The first director of the Teachers’ Institute was Khusein Nakaidze. A significant assistance was rendered to the Institute in providing the scientific personnel by other higher educational institutions of Georgia, first and foremost – Tbilisi State University. The following outstanding representatives of the Georgian academia conducted fruitful activities within the walls of the Batumi Shota Rustaveli State University (that time Teachers’ Institute): Giorgi Akhvlediani, Giorgi Tsereteli, Iase Tsintsadze, Sargis Kakabadze, Simon Kaukhchishvili, Giorgi Tavzishvili, Razhden Khutsishvili, Dimitri Gedevanishvili, Giorgi Javakhishvili, Vukol Beridze, Shota Dzidziguri and others. It is owing to them as well that the newly established higher institution soon gained the reputation – a system of teaching and research activities was formed and the preparation of local academic staff took its beginnings – by 1943 there were 5 candidates of sciences at the Institute already.

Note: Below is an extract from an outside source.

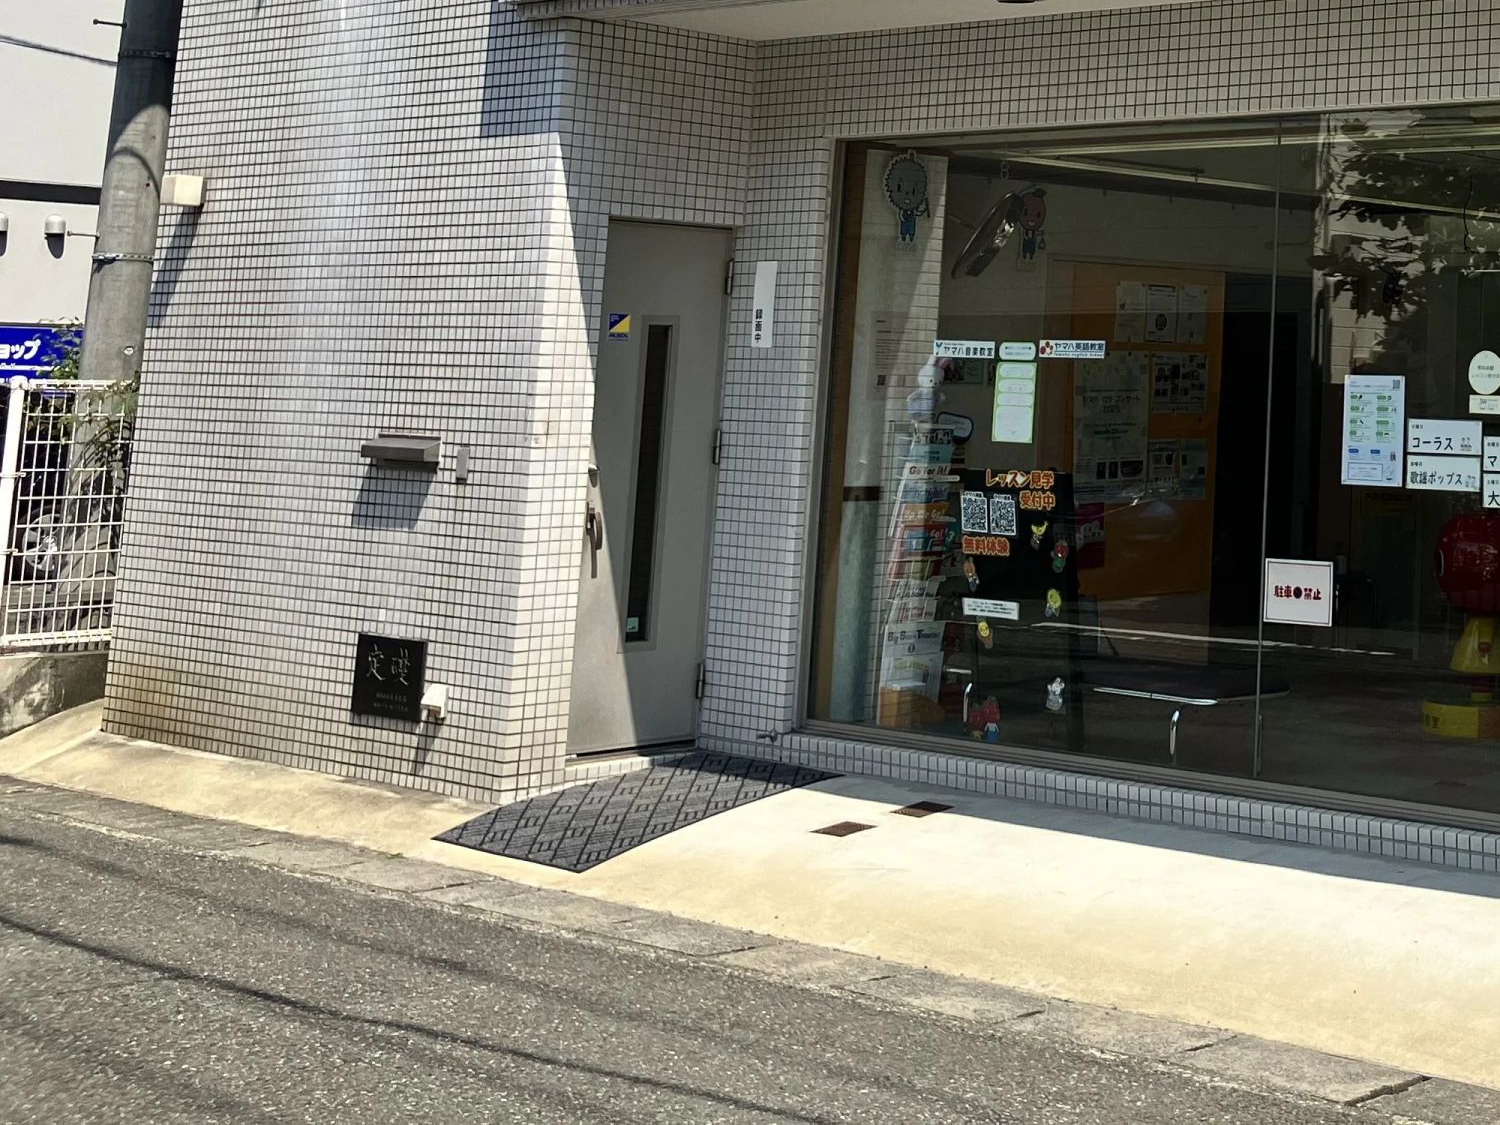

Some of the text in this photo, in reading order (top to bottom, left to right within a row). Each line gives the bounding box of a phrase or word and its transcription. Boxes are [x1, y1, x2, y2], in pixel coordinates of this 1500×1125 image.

In July 1935 the preparatory courses were created that particularly fostered the attraction of high school applicants from Adjara highlands. According to the statistics 600 school leavers submitted applications to the Institute in the first year; 219 applicants were admitted to the Institute.

In June 1945 a Pedagogical Institute was founded on the basis of Batumi Teachers’ Institute that was followed by reconstruction process and improvement of the facilities and equipment. In 1956 the renovated building entered into exploitation. However, it was not sufficient for the growth of the Institute and in 1977 the construction of a new 5-storeyed building began that was finished in 1982.

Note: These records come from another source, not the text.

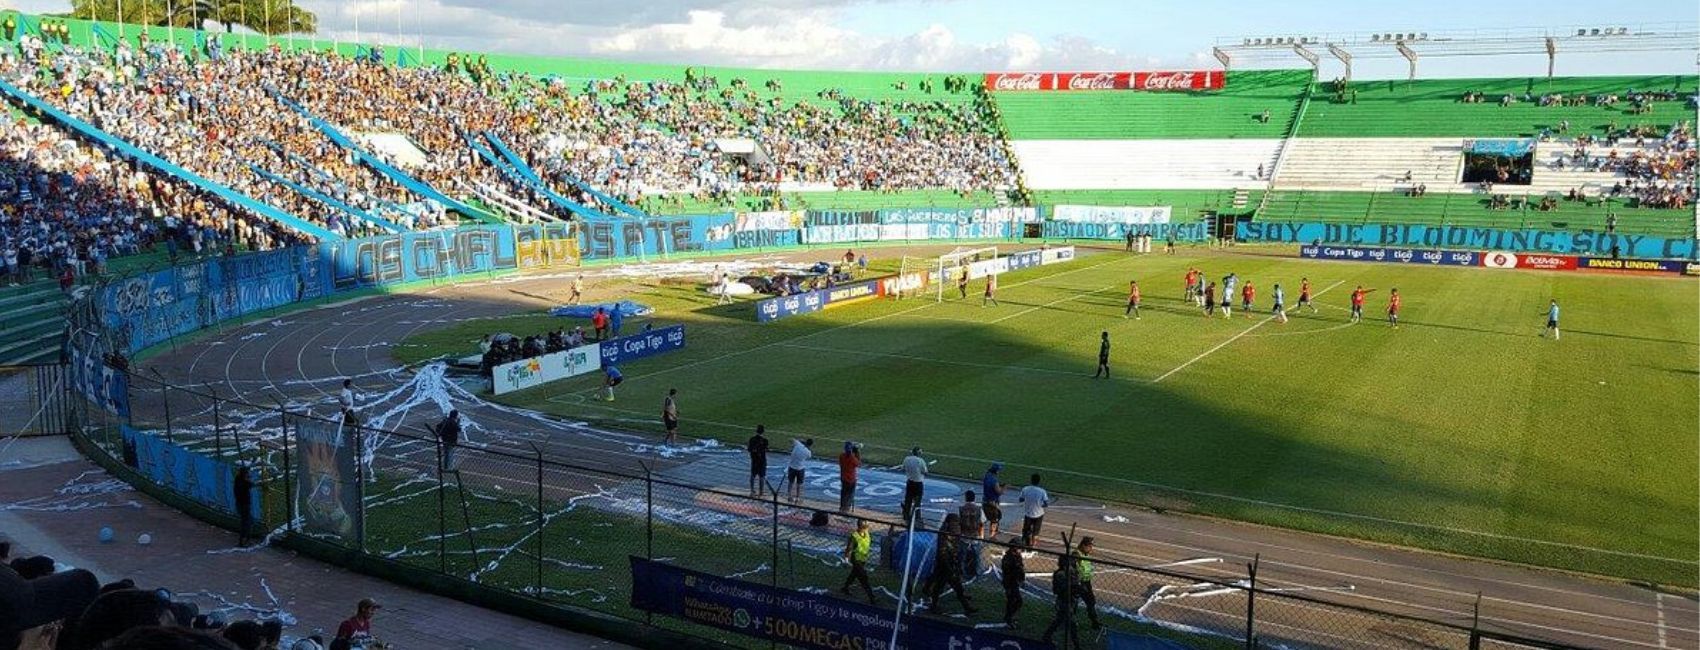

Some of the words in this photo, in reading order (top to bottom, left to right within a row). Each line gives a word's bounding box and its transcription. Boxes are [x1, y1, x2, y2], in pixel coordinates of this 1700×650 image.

[994, 73, 1041, 90] Coca-Cola
[1068, 73, 1115, 90] Coca-Cola
[1144, 72, 1192, 89] Coca-Cola
[1244, 221, 1303, 243] SOY
[1324, 222, 1365, 244] DE
[1572, 229, 1643, 257] SOY
[1324, 247, 1345, 257] Copa
[1347, 248, 1364, 259] Tigo
[333, 234, 404, 290] LOS
[1589, 258, 1622, 268] BANCO
[1625, 260, 1659, 270] UNION
[623, 339, 645, 354] Copa
[647, 334, 663, 349] Tigo

The collapse of the Soviet Empire and Georgia's fight for independence made it possible to realize the wish of great Ivane Javakhishvili who said: “If there is to be another university in Georgia, it should be in Batumi.”

By the Decision No.453, 3 September 1990 of the Cabinet of Ministries of Georgia Batumi State University was established on the basis of Batumi Pedagogical Institute. After this transformation apart from special faculty chairs there began functioning 9 university chairs at the higher education institution. The number of specialties increased – the faculties of law, economics and medicine were created. As a result of the educational reform in the country the university was transferred to a two-cycle teaching: Bachelor and Master Levels were created. Post-graduate studies also were functioning for certain specialties.